# Dataset entries
[Start of Attachment]
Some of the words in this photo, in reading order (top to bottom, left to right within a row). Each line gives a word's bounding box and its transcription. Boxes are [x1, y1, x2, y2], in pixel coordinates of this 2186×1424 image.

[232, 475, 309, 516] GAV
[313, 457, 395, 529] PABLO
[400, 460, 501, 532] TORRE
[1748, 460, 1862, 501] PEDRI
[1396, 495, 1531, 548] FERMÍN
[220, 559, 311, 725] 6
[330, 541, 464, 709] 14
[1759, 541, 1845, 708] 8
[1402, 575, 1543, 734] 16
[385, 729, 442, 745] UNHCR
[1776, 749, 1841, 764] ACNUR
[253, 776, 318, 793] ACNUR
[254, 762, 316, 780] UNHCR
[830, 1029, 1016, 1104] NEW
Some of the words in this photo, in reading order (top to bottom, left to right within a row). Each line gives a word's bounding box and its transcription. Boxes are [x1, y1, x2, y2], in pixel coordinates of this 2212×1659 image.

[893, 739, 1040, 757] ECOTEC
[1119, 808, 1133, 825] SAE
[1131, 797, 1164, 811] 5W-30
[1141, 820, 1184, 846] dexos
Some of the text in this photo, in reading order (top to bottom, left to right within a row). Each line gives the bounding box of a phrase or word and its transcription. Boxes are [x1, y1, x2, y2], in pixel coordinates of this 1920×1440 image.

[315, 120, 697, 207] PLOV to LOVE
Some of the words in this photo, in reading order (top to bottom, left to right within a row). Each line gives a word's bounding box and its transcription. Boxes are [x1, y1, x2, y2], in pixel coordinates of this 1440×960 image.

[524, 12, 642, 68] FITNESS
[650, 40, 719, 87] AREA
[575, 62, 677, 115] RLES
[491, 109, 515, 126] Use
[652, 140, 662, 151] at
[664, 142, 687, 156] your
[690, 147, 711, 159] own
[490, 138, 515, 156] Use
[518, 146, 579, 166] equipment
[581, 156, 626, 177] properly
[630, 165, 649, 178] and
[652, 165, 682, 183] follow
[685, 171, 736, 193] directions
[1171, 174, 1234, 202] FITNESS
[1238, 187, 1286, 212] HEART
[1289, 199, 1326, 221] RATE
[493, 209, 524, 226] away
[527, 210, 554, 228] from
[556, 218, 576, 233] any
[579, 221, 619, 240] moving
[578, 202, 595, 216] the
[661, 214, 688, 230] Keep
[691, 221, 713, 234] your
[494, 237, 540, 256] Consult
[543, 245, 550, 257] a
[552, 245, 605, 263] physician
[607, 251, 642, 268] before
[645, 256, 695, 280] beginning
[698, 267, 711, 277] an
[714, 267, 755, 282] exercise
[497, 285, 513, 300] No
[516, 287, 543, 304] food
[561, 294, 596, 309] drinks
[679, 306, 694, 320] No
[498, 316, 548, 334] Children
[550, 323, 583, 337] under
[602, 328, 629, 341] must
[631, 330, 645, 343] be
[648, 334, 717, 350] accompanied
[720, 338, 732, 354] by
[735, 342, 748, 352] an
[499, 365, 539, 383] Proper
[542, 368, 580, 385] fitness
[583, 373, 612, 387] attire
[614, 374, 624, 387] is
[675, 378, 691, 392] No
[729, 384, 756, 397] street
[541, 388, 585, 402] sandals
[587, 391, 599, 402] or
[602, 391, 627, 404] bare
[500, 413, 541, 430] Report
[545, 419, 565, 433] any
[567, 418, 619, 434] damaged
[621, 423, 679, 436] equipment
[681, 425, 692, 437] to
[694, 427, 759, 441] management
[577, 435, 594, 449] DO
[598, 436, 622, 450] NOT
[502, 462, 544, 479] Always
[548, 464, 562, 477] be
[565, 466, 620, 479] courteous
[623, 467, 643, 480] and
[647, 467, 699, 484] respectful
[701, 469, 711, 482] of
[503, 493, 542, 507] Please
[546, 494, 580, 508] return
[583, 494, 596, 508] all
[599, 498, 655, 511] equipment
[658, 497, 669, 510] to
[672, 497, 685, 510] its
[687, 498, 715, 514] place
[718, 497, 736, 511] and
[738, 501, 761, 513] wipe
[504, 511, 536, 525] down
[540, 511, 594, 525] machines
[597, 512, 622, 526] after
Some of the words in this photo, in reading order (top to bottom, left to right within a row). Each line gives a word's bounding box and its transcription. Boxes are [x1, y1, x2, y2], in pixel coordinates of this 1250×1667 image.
[End of Attachment]
# Your task
Quote the data above in full, changing nothing.

# Written answer
Some of the words in this photo, in reading order (top to bottom, left to right within a row). Each line gives a word's bounding box and its transcription. Boxes are [x1, y1, x2, y2], in pixel coordinates of this 2186×1424 image.

[232, 475, 309, 516] GAV
[313, 457, 395, 529] PABLO
[400, 460, 501, 532] TORRE
[1748, 460, 1862, 501] PEDRI
[1396, 495, 1531, 548] FERMÍN
[220, 559, 311, 725] 6
[330, 541, 464, 709] 14
[1759, 541, 1845, 708] 8
[1402, 575, 1543, 734] 16
[385, 729, 442, 745] UNHCR
[1776, 749, 1841, 764] ACNUR
[253, 776, 318, 793] ACNUR
[254, 762, 316, 780] UNHCR
[830, 1029, 1016, 1104] NEW
Some of the words in this photo, in reading order (top to bottom, left to right within a row). Each line gives a word's bounding box and its transcription. Boxes are [x1, y1, x2, y2], in pixel coordinates of this 2212×1659 image.

[893, 739, 1040, 757] ECOTEC
[1119, 808, 1133, 825] SAE
[1131, 797, 1164, 811] 5W-30
[1141, 820, 1184, 846] dexos
Some of the text in this photo, in reading order (top to bottom, left to right within a row). Each line gives the bounding box of a phrase or word and its transcription. Boxes are [x1, y1, x2, y2], in pixel coordinates of this 1920×1440 image.

[315, 120, 697, 207] PLOV to LOVE
Some of the words in this photo, in reading order (top to bottom, left to right within a row). Each line gives a word's bounding box and its transcription. Boxes are [x1, y1, x2, y2], in pixel coordinates of this 1440×960 image.

[524, 12, 642, 68] FITNESS
[650, 40, 719, 87] AREA
[575, 62, 677, 115] RLES
[491, 109, 515, 126] Use
[652, 140, 662, 151] at
[664, 142, 687, 156] your
[690, 147, 711, 159] own
[490, 138, 515, 156] Use
[518, 146, 579, 166] equipment
[581, 156, 626, 177] properly
[630, 165, 649, 178] and
[652, 165, 682, 183] follow
[685, 171, 736, 193] directions
[1171, 174, 1234, 202] FITNESS
[1238, 187, 1286, 212] HEART
[1289, 199, 1326, 221] RATE
[493, 209, 524, 226] away
[527, 210, 554, 228] from
[556, 218, 576, 233] any
[579, 221, 619, 240] moving
[578, 202, 595, 216] the
[661, 214, 688, 230] Keep
[691, 221, 713, 234] your
[494, 237, 540, 256] Consult
[543, 245, 550, 257] a
[552, 245, 605, 263] physician
[607, 251, 642, 268] before
[645, 256, 695, 280] beginning
[698, 267, 711, 277] an
[714, 267, 755, 282] exercise
[497, 285, 513, 300] No
[516, 287, 543, 304] food
[561, 294, 596, 309] drinks
[679, 306, 694, 320] No
[498, 316, 548, 334] Children
[550, 323, 583, 337] under
[602, 328, 629, 341] must
[631, 330, 645, 343] be
[648, 334, 717, 350] accompanied
[720, 338, 732, 354] by
[735, 342, 748, 352] an
[499, 365, 539, 383] Proper
[542, 368, 580, 385] fitness
[583, 373, 612, 387] attire
[614, 374, 624, 387] is
[675, 378, 691, 392] No
[729, 384, 756, 397] street
[541, 388, 585, 402] sandals
[587, 391, 599, 402] or
[602, 391, 627, 404] bare
[500, 413, 541, 430] Report
[545, 419, 565, 433] any
[567, 418, 619, 434] damaged
[621, 423, 679, 436] equipment
[681, 425, 692, 437] to
[694, 427, 759, 441] management
[577, 435, 594, 449] DO
[598, 436, 622, 450] NOT
[502, 462, 544, 479] Always
[548, 464, 562, 477] be
[565, 466, 620, 479] courteous
[623, 467, 643, 480] and
[647, 467, 699, 484] respectful
[701, 469, 711, 482] of
[503, 493, 542, 507] Please
[546, 494, 580, 508] return
[583, 494, 596, 508] all
[599, 498, 655, 511] equipment
[658, 497, 669, 510] to
[672, 497, 685, 510] its
[687, 498, 715, 514] place
[718, 497, 736, 511] and
[738, 501, 761, 513] wipe
[504, 511, 536, 525] down
[540, 511, 594, 525] machines
[597, 512, 622, 526] after
Some of the words in this photo, in reading order (top to bottom, left to right within a row). Each line gives a word's bounding box and its transcription. Boxes are [x1, y1, x2, y2], in pixel coordinates of this 1250×1667 image.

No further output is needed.